Paul’s very own Life at Conception Act of 2013 (separate from the 2012 amendment) explicitly defines a “person” as including “each member of the species homo sapiens at all stages of life, including the moment of fertilization, cloning, or other moment at which an individual member of the human species comes into being.” (Emphasis mine) 

But that doesn’t mean much to pro-lifers who think Plan B is an abortifacient. 

The pro-life community is under the impression that Plan B prevents fertilized eggs, which they agree with Paul are people, from implanting, which they consider an abortion. By way of justification for this contention, they cite the FDA’s own Plan B label, which says: “if fertilization does occur, Plan B may prevent a fertilized egg from attaching to the womb (implantation).” In fairness to the pro-life crowd, if you attempt to find an explanation for how Plan B works on the internet, the FDA’s label is one of the first search results. 

But as The Daily Beast reported in March, the FDA’s label is out of date. Studies have repeatedly shown that Plan B ok “does not inhibit implantation.” As a result, the NIH and the Mayo Clinic have edited their websites to remove any suggestion that Plan B could cause abortion, however a “person” may be defined. 

Inaccurate label notwithstanding, Plan B is classified by the FDA as a contraceptive. Research has concluded that the drug works “only” by preventing ovulation. 

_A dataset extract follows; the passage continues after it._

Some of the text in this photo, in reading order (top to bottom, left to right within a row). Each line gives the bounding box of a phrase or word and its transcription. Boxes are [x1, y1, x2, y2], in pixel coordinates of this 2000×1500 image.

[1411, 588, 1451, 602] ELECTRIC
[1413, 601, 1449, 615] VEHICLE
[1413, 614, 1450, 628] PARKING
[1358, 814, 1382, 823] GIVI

“The problem is, some on both sides are using outdated science, some from decades ago,” Stafford continued. “Not surprisingly, and not helpfully, the government can’t seem to update its outdated misinformation.”

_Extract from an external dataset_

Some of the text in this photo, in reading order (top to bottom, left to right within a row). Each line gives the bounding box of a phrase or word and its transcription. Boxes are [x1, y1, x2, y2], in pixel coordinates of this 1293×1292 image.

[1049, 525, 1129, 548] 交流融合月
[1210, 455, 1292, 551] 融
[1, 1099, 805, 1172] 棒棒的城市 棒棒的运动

“Contraception does not cause an abortion.” Furthermore, Stafford said, “there is ample, current science to back this up, and people of good faith on both sides of this issue should be able to agree on that. Senator Paul will take a back seat to no one in his defense for human life, but also as a medical doctor, won’t allow bad information to force people to discuss something that should not even be an issue,  and does nothing to stop the nearly one million abortions per year in the United States.”